Three quarters of millennials said that if housing was more affordable, they would prefer to stay in their current city or town. However, 54 per cent do not believe their salaries will increase at a rate that will allow them to buy a home in their current location. When asked what their ideal scenario would be, 19 per cent of respondents said they would prefer to live in the city and work fully remotely, and another 19 per cent said they would prefer to live outside the city and work fully remotely.

“What this survey confirms is that a large number of millennials — whether they live in a city or outside of an urban centre — appreciate the option to work remotely,” Geneviève Langevin, a Royal LePage broker in Montreal, said in the report. “To achieve this, some are choosing to leave the city, although this trend is less common today than it was at the height of the pandemic.”

 A for-sale sign outside a home in Montreal.
A for-sale sign outside a home in Montreal.

Take Montreal, where a significant number of millennials appear set to leave, even though housing prices are the cheapest among Canada’s biggest cities.

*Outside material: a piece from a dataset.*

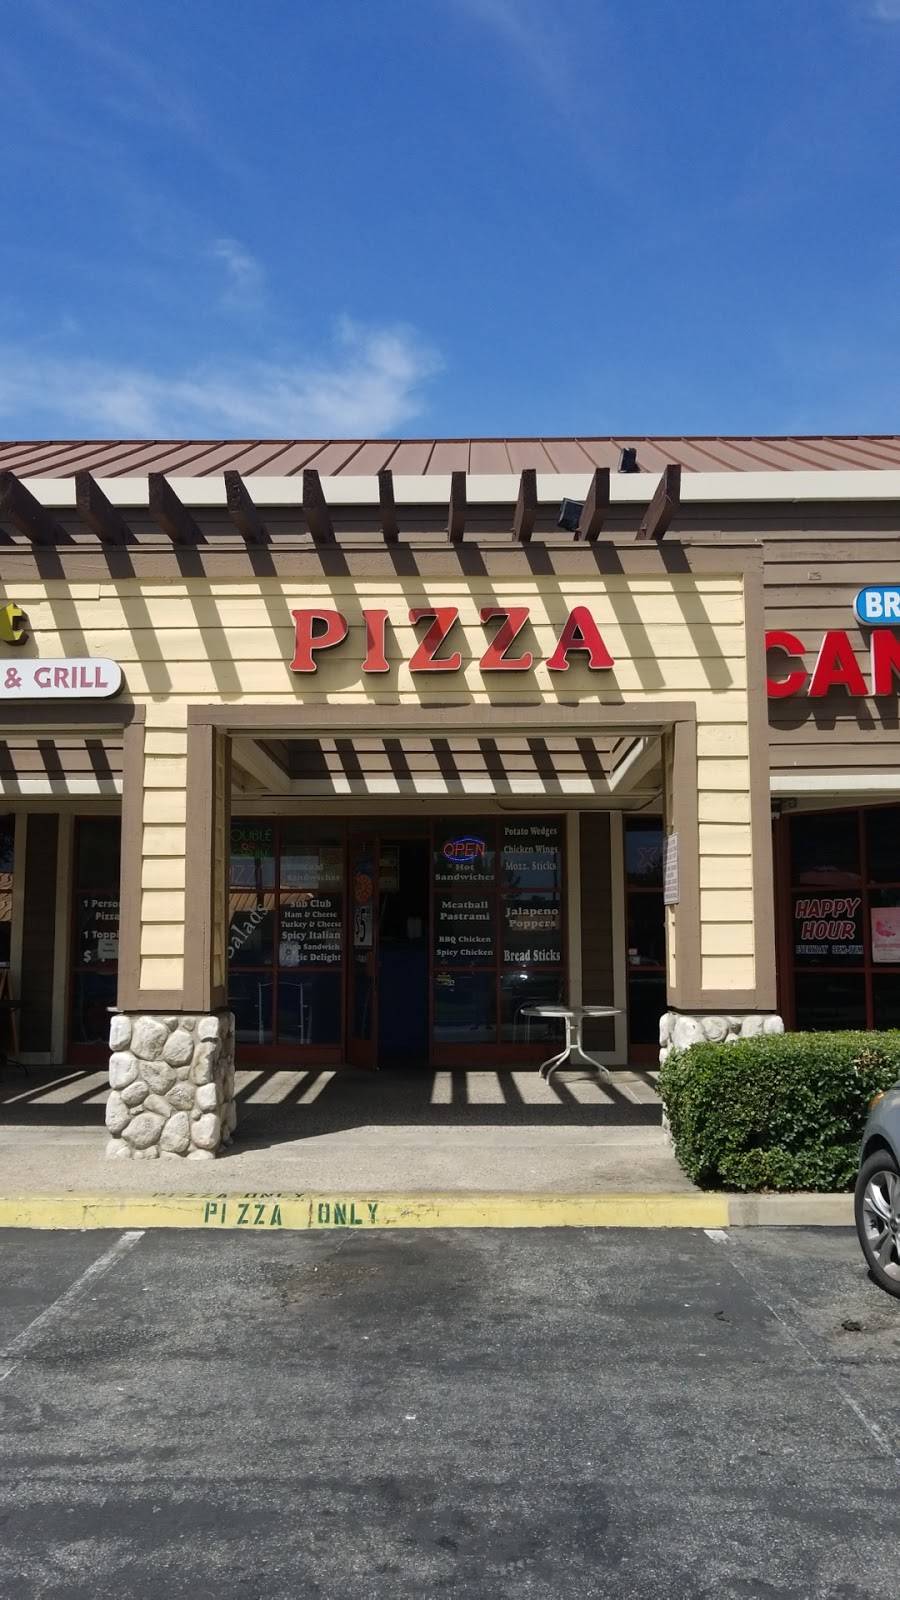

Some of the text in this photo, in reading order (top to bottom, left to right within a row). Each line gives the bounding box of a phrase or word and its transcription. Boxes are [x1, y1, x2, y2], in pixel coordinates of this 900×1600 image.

Some 82 per cent of millennials who do not currently own a home believe they will one day, the highest rate among regions surveyed by Royal LePage; however, 55 per cent of that group said they would have to relocate in order to achieve that milestone.

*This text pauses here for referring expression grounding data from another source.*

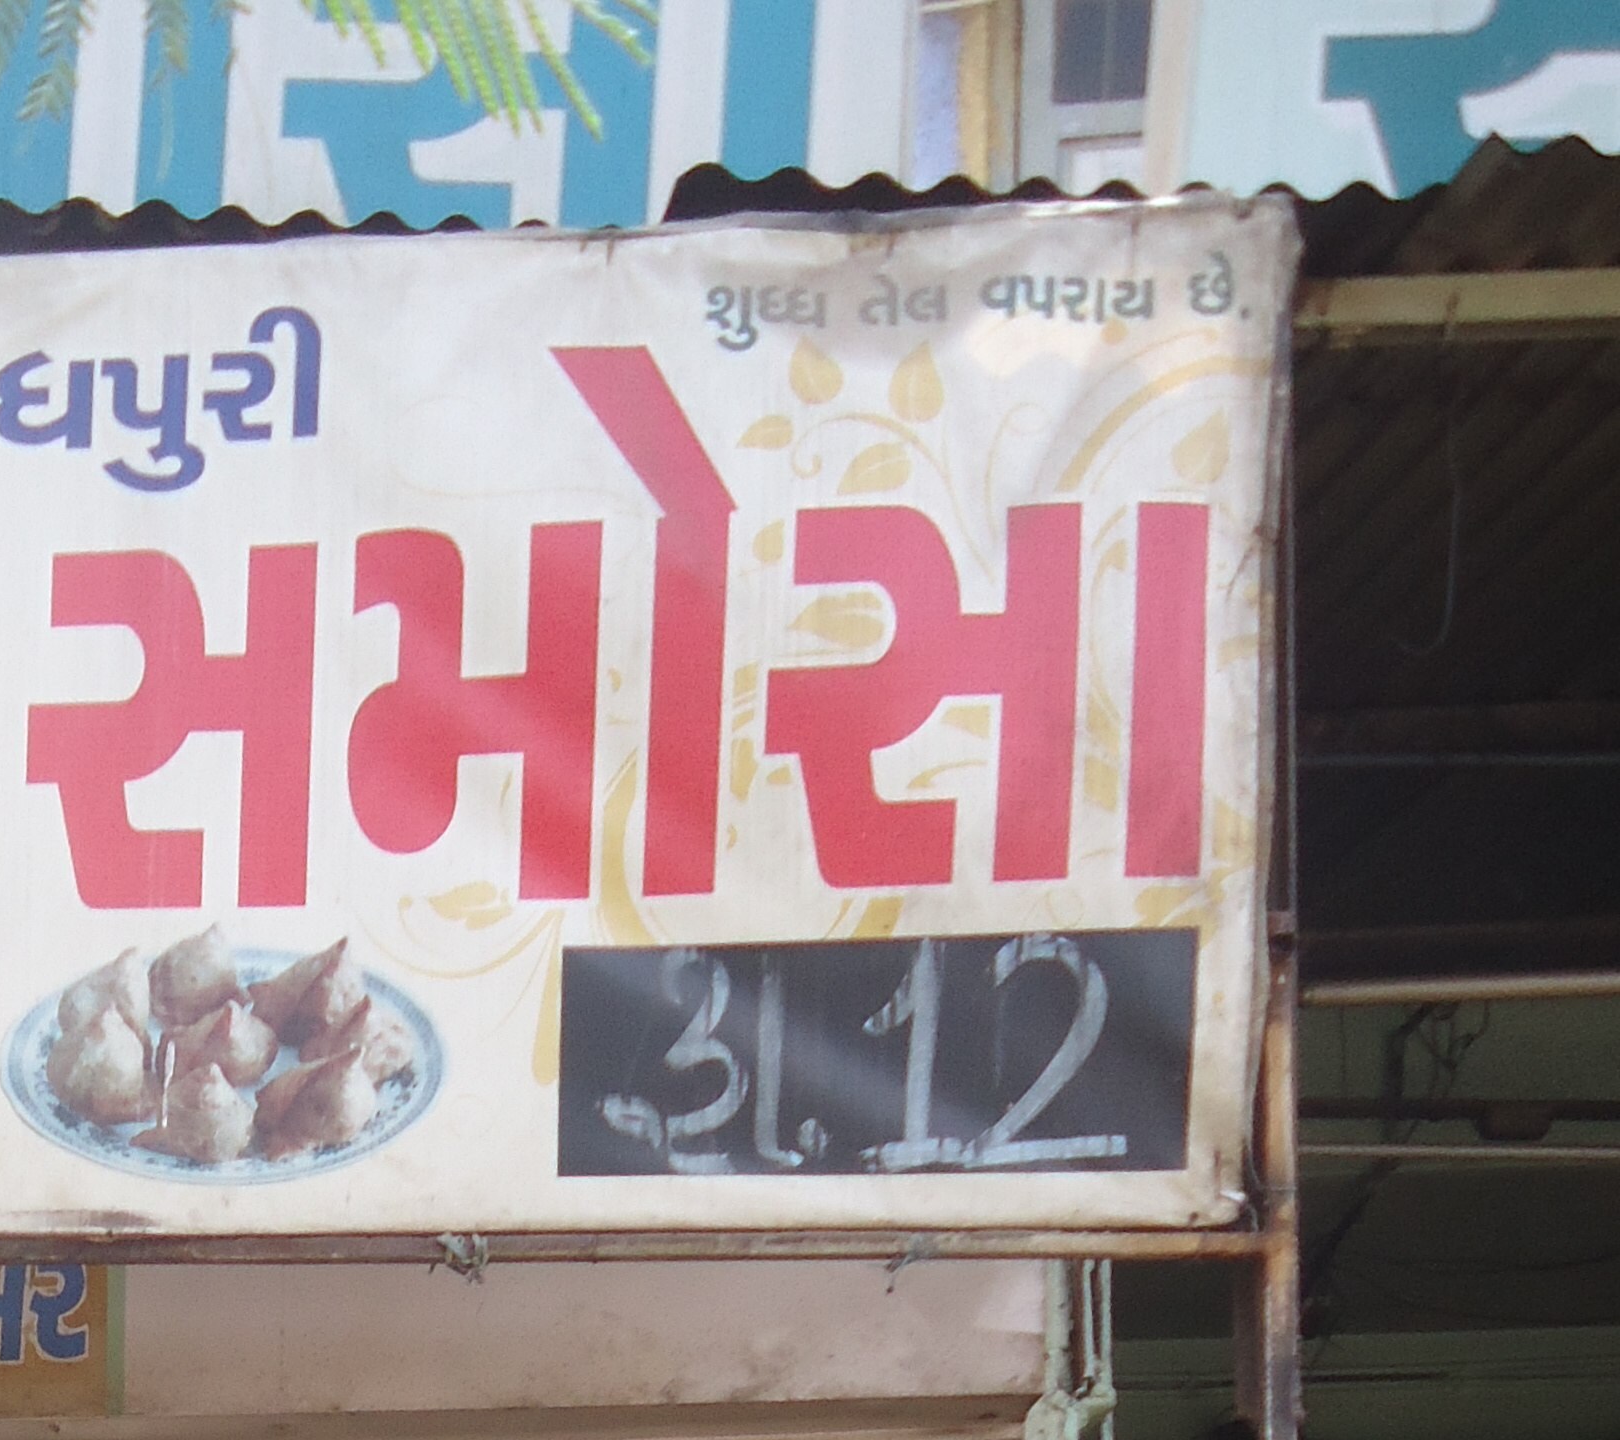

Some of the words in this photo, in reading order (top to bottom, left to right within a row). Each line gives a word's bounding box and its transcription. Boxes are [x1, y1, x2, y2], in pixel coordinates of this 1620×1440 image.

[706, 283, 827, 352] શુધ્ધ
[857, 272, 949, 327] તેલ
[980, 274, 1155, 324] વપરાય
[1186, 249, 1252, 321] છે.
[858, 934, 1128, 1173] 12

The average cost of a single detached home in Montreal was $533,300 in July, compared with $1,357,500 in Toronto, $2,000,600 in Vancouver, $643,600 in Calgary, and $770,000 in Ottawa, according to the Canadian Real Estate Association.

Still, the survey found that just 35 per cent of millennials in the Greater Montreal Area are homeowners, lower than all the other big Canadian cities covered in the survey. The cause could be related to wages, as the average annual income in Montreal — $40,079 — is 15.6-per-cent lower than the national average of $47,487, according to CareerBeacon.com.

Still, 61 per cent of Montreal’s millennials plan to purchase a home within the next five years; 56 per cent say they will remain in their current city or town, while 38 per cent say they plan to relocate.

The relatively lower prices in Montreal appear to offer millennials hope of staying that doesn’t exist in other cities. In the Greater Toronto Area (GTA), 59 per cent of millennials who do not currently own a home believe they will one day, but 63 per cent of them said they would have to leave Canada’s biggest city to do so.

In Vancouver, 78 per cent of millennials said that if the cost of living wasn’t an issue, they would choose to continue living there. However, 58 per cent said they didn’t believe their salaries would increase at a rate that would allow them to buy a home in their current location — the highest rate among regions surveyed.

Soper said relocating simply to buy a home is an “oversimplified way to solve your life’s problems.” Regardless, the commitment of millennials to buying real estate suggests that the strong demand that has driven Canada’s housing boom over the past decade could persist, adding pressure on policymakers to address a chronically short supply of living spaces.

“If you follow their intent, millennials could be the highest homeownership generation in Canadian history,” Soper said. “Now, not all of them are going to pull that off, but even if half of them pull it off, we’d be looking at homeownership rates in this generation at a higher rate than the baby boomers who are the previous record holders.”